Each entry below is to be transcribed exactly; pictures are not copied.

**Record extracts:**
[Start of section]
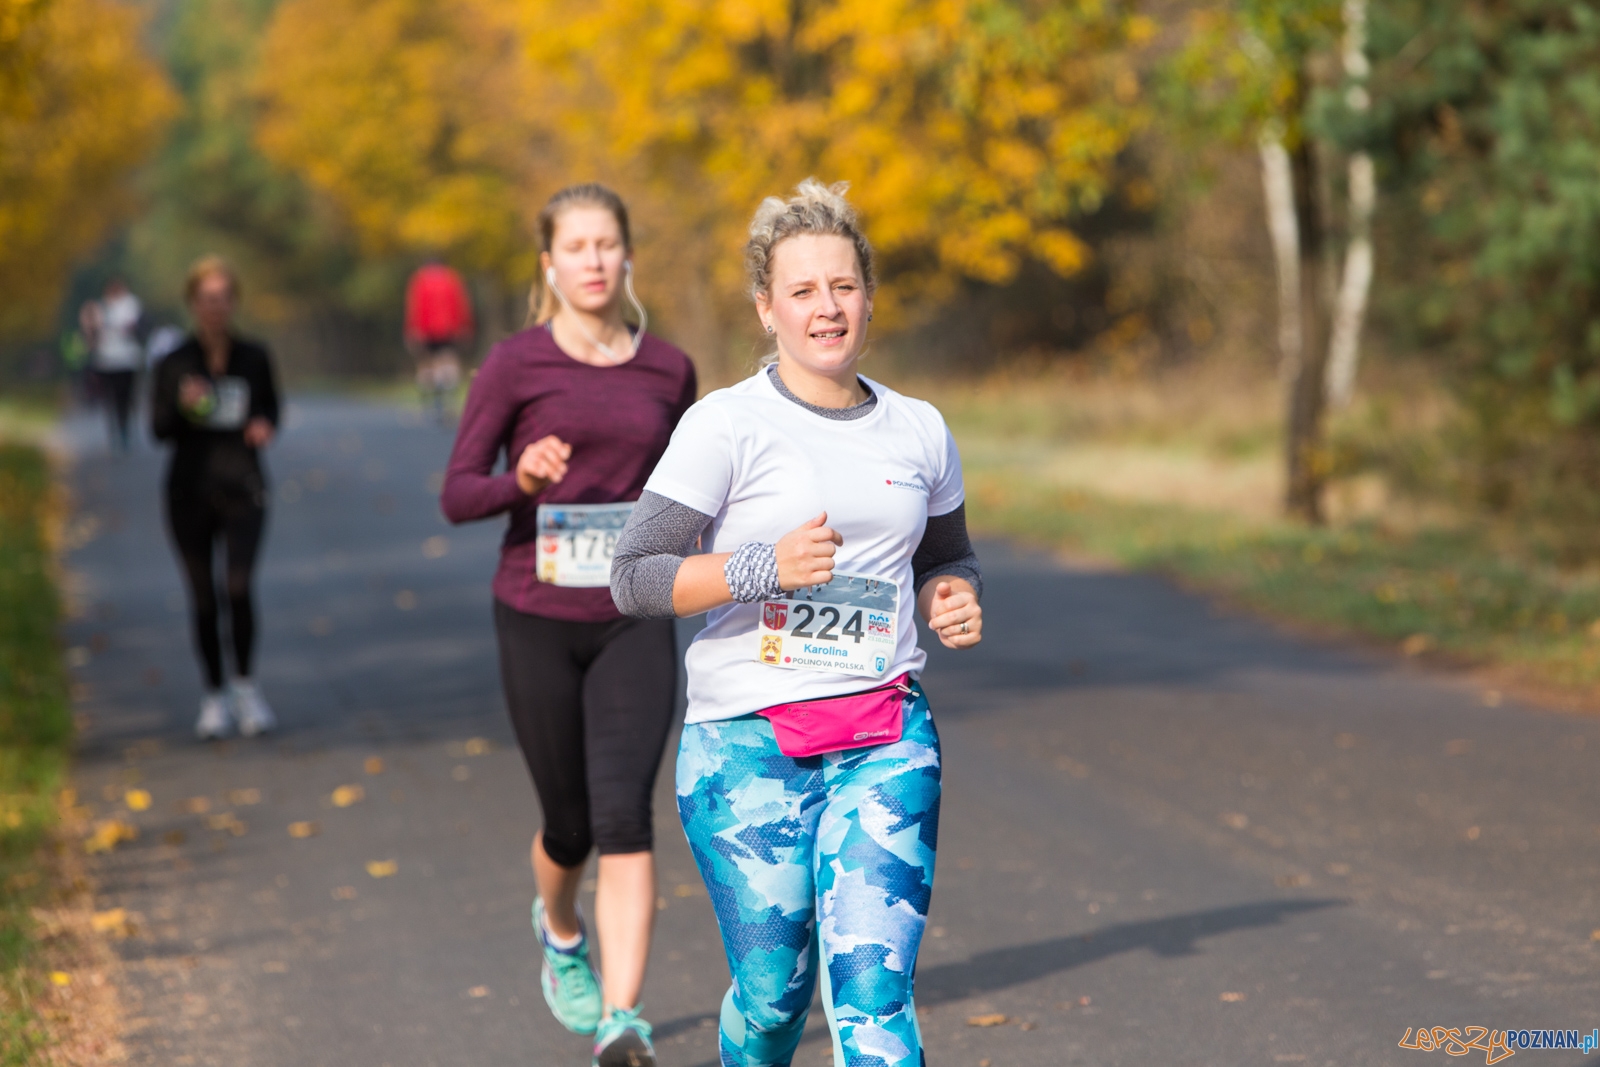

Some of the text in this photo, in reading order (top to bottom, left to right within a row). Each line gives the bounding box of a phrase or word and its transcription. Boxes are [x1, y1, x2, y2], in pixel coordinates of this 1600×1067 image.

[791, 604, 865, 643] 224
[804, 643, 848, 657] Karolina
[792, 657, 832, 668] POLINOVA
[834, 661, 865, 671] POLSKA
[End of section]
**Response:**
Some of the text in this photo, in reading order (top to bottom, left to right within a row). Each line gives the bounding box of a phrase or word and its transcription. Boxes are [x1, y1, x2, y2], in pixel coordinates of this 1600×1067 image.

[791, 604, 865, 643] 224
[804, 643, 848, 657] Karolina
[792, 657, 832, 668] POLINOVA
[834, 661, 865, 671] POLSKA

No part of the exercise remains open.